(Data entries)
*-*-*

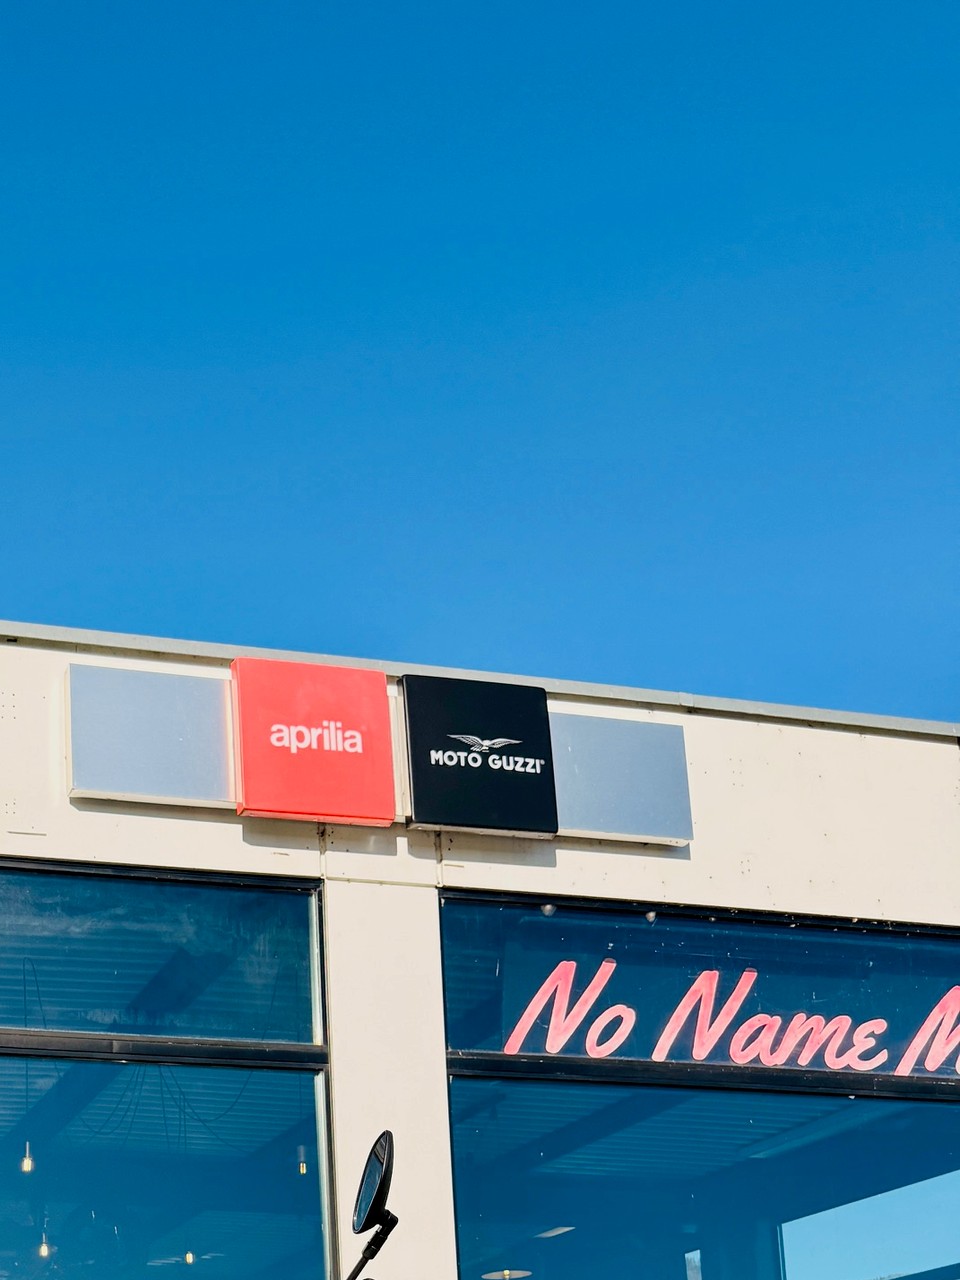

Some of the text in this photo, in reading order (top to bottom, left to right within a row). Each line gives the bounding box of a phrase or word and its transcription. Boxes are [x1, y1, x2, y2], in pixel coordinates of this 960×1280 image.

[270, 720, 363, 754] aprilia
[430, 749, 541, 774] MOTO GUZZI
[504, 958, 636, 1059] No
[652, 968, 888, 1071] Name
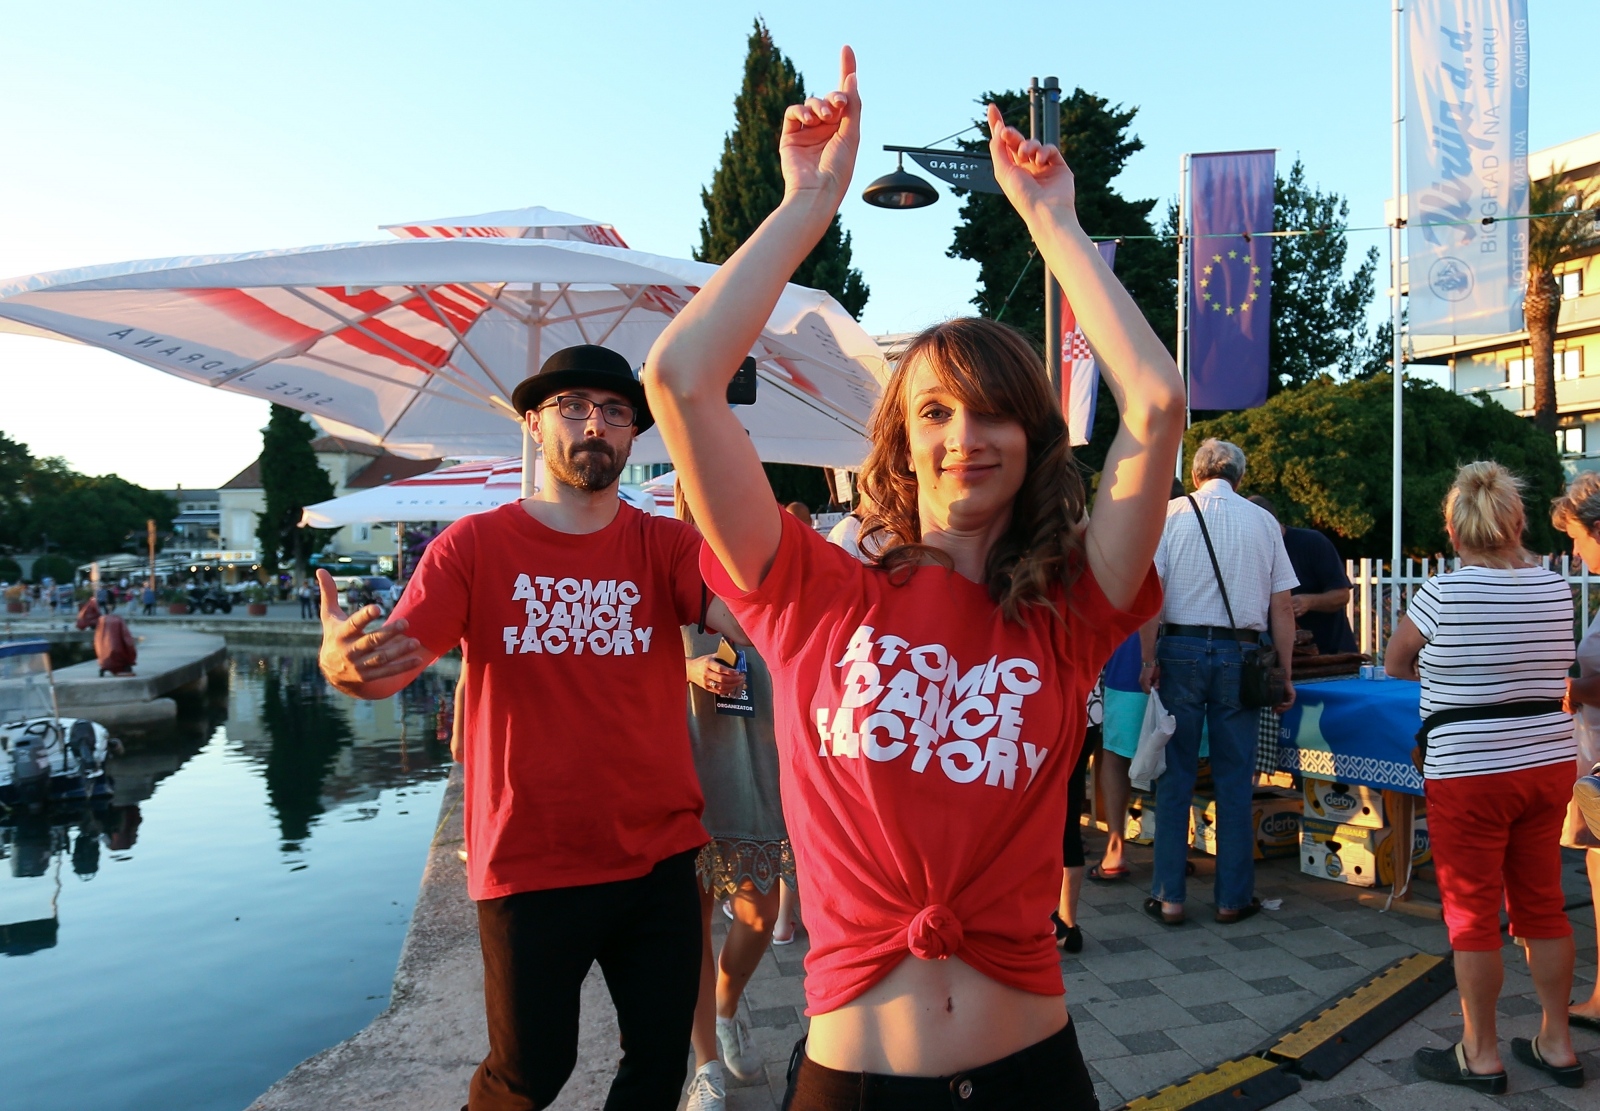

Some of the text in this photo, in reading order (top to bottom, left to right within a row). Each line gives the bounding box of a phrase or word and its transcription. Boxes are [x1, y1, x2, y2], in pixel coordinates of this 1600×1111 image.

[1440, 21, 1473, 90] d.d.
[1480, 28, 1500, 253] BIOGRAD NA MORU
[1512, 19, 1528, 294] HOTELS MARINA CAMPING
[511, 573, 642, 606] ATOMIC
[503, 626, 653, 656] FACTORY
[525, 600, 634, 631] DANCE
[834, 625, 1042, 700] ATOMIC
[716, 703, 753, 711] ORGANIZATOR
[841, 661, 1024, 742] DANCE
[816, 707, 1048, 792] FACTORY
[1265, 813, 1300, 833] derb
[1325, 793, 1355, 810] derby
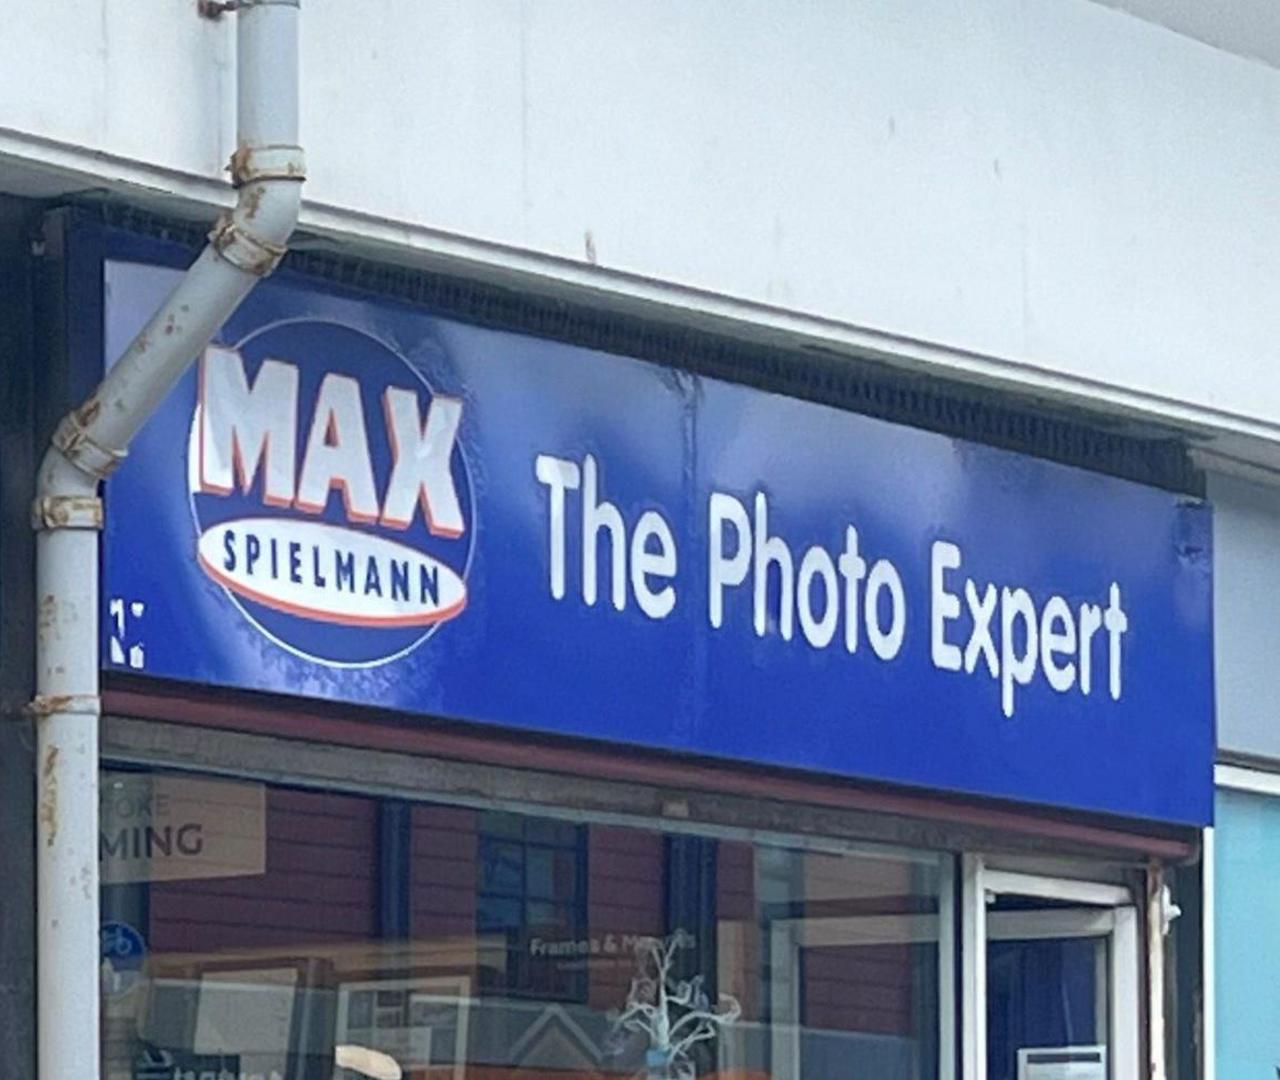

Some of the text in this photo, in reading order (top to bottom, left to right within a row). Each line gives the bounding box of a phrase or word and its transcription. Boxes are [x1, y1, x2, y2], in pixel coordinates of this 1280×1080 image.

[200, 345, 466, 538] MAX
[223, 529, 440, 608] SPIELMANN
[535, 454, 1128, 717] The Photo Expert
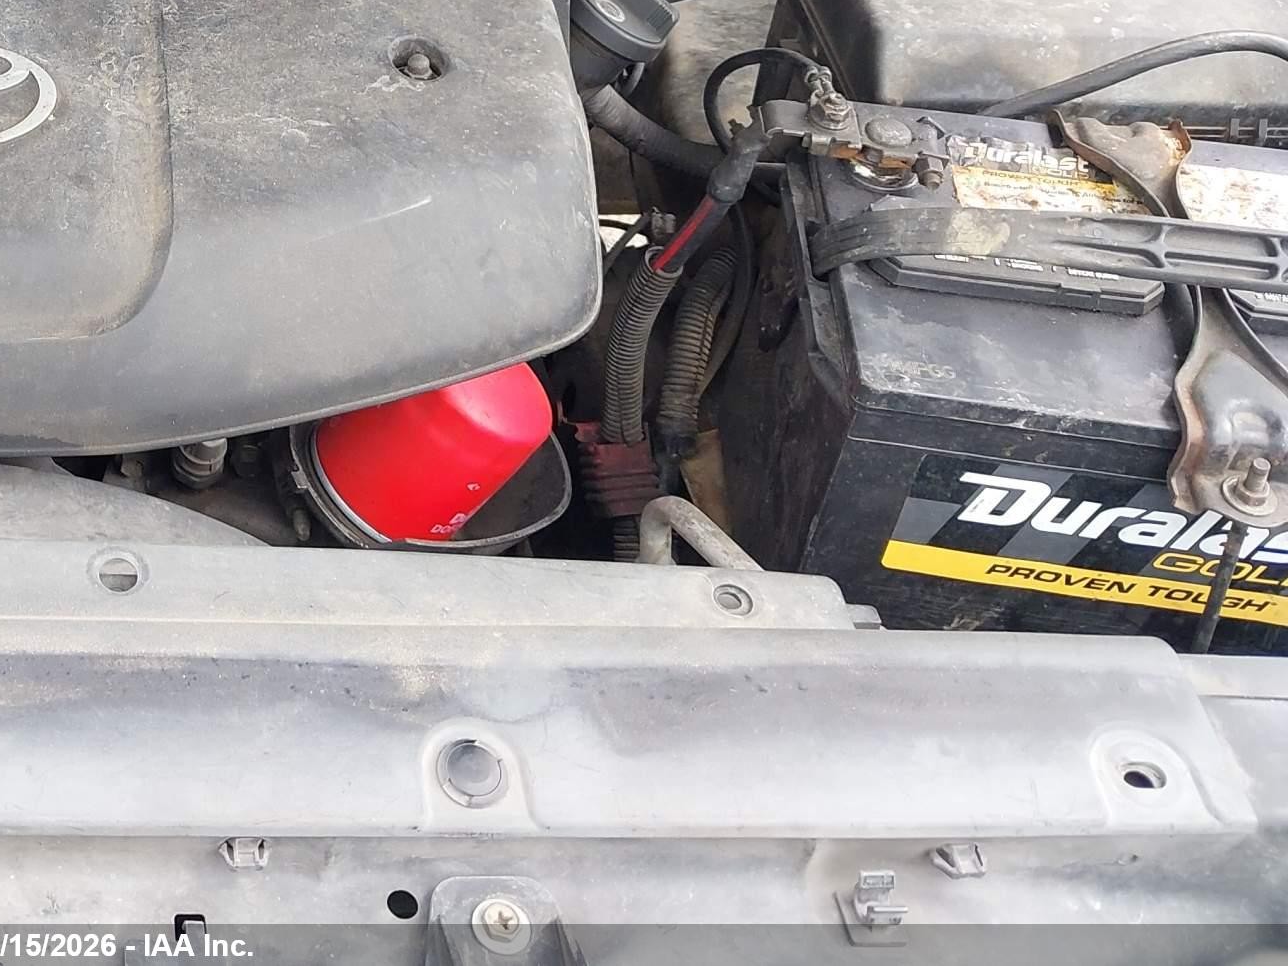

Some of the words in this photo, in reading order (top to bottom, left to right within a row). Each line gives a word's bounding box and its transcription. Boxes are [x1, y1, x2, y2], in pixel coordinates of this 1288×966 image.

*-*-*

▶ **Instructions to follow**:
Your reply should consist of the data, transcribed exactly, and should hold no pictures.

▶ **Answer**:
Some of the text in this photo, in reading order (top to bottom, left to right within a row). Each line gives the bounding box of a phrase or word and its transcription. Boxes are [x1, y1, x2, y2], in pixel coordinates of this 960×1280 image.

[270, 720, 363, 754] aprilia
[430, 749, 541, 774] MOTO GUZZI
[504, 958, 636, 1059] No
[652, 968, 888, 1071] Name

Some of the text in this photo, in reading order (top to bottom, left to right within a row). Each line gives the bounding box of a phrase or word and its transcription. Boxes are [x1, y1, x2, y2], in pixel coordinates of this 1600×1111 image.

[1440, 21, 1473, 90] d.d.
[1480, 28, 1500, 253] BIOGRAD NA MORU
[1512, 19, 1528, 294] HOTELS MARINA CAMPING
[511, 573, 642, 606] ATOMIC
[503, 626, 653, 656] FACTORY
[525, 600, 634, 631] DANCE
[834, 625, 1042, 700] ATOMIC
[716, 703, 753, 711] ORGANIZATOR
[841, 661, 1024, 742] DANCE
[816, 707, 1048, 792] FACTORY
[1265, 813, 1300, 833] derb
[1325, 793, 1355, 810] derby

Some of the text in this photo, in reading order (top to bottom, left to right within a row). Each line gives the bounding box of a phrase or word and its transcription. Boxes are [x1, y1, x2, y2], in pixel coordinates of this 1280×1080 image.

[200, 345, 466, 538] MAX
[223, 529, 440, 608] SPIELMANN
[535, 454, 1128, 717] The Photo Expert

Some of the words in this photo, in reading order (top to bottom, left to right within a row). Each line gives a word's bounding box and its transcription. Boxes are [x1, y1, x2, y2], in pixel coordinates of this 1288×966 image.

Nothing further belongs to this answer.